WHAT THIS TASK INVOLVES: Return the data given below exactly as it appears.

--- EXERCISE DATA Enclosed Below ---

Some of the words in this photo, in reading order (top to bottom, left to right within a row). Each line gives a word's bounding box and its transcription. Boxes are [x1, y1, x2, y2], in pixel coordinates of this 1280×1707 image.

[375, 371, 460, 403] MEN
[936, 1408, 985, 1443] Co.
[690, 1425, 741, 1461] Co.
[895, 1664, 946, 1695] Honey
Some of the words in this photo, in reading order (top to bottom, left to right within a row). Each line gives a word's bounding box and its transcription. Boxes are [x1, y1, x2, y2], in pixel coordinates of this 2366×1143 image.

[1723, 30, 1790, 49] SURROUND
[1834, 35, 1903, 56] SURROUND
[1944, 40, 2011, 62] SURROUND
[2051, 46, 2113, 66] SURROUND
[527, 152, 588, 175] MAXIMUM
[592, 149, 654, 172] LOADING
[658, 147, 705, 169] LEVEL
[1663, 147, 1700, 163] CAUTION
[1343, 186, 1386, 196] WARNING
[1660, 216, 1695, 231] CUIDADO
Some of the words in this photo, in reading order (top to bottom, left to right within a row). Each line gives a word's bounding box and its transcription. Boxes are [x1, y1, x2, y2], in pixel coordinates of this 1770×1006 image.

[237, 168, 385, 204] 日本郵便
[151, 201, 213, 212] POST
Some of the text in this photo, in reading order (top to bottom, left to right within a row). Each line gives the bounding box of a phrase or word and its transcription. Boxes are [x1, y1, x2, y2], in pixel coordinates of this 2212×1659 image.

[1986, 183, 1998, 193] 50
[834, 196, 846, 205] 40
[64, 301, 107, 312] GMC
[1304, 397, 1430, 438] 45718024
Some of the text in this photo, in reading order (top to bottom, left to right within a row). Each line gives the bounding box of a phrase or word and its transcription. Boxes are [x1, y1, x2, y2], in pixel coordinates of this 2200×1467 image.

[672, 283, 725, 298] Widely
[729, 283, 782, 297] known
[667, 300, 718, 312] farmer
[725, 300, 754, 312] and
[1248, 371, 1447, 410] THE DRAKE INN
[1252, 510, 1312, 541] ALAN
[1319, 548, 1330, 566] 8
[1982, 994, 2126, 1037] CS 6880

--- End of Enclosed EXERCISE DATA ---

SOLUTION:
Some of the words in this photo, in reading order (top to bottom, left to right within a row). Each line gives a word's bounding box and its transcription. Boxes are [x1, y1, x2, y2], in pixel coordinates of this 1280×1707 image.

[375, 371, 460, 403] MEN
[936, 1408, 985, 1443] Co.
[690, 1425, 741, 1461] Co.
[895, 1664, 946, 1695] Honey
Some of the words in this photo, in reading order (top to bottom, left to right within a row). Each line gives a word's bounding box and its transcription. Boxes are [x1, y1, x2, y2], in pixel coordinates of this 2366×1143 image.

[1723, 30, 1790, 49] SURROUND
[1834, 35, 1903, 56] SURROUND
[1944, 40, 2011, 62] SURROUND
[2051, 46, 2113, 66] SURROUND
[527, 152, 588, 175] MAXIMUM
[592, 149, 654, 172] LOADING
[658, 147, 705, 169] LEVEL
[1663, 147, 1700, 163] CAUTION
[1343, 186, 1386, 196] WARNING
[1660, 216, 1695, 231] CUIDADO
Some of the words in this photo, in reading order (top to bottom, left to right within a row). Each line gives a word's bounding box and its transcription. Boxes are [x1, y1, x2, y2], in pixel coordinates of this 1770×1006 image.

[237, 168, 385, 204] 日本郵便
[151, 201, 213, 212] POST
Some of the text in this photo, in reading order (top to bottom, left to right within a row). Each line gives the bounding box of a phrase or word and its transcription. Boxes are [x1, y1, x2, y2], in pixel coordinates of this 2212×1659 image.

[1986, 183, 1998, 193] 50
[834, 196, 846, 205] 40
[64, 301, 107, 312] GMC
[1304, 397, 1430, 438] 45718024
Some of the text in this photo, in reading order (top to bottom, left to right within a row). Each line gives the bounding box of a phrase or word and its transcription. Boxes are [x1, y1, x2, y2], in pixel coordinates of this 2200×1467 image.

[672, 283, 725, 298] Widely
[729, 283, 782, 297] known
[667, 300, 718, 312] farmer
[725, 300, 754, 312] and
[1248, 371, 1447, 410] THE DRAKE INN
[1252, 510, 1312, 541] ALAN
[1319, 548, 1330, 566] 8
[1982, 994, 2126, 1037] CS 6880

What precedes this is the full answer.